┌─ Given information

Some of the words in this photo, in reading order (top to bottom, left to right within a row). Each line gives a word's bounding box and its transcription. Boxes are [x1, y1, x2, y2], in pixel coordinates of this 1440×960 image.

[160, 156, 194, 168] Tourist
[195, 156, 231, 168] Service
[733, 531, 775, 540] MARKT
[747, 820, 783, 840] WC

└─

> _What is being asked_
Nothing should be left out: repeat all of the data exactly.

> _Your response_
Some of the words in this photo, in reading order (top to bottom, left to right within a row). Each line gives a word's bounding box and its transcription. Boxes are [x1, y1, x2, y2], in pixel coordinates of this 1440×960 image.

[160, 156, 194, 168] Tourist
[195, 156, 231, 168] Service
[733, 531, 775, 540] MARKT
[747, 820, 783, 840] WC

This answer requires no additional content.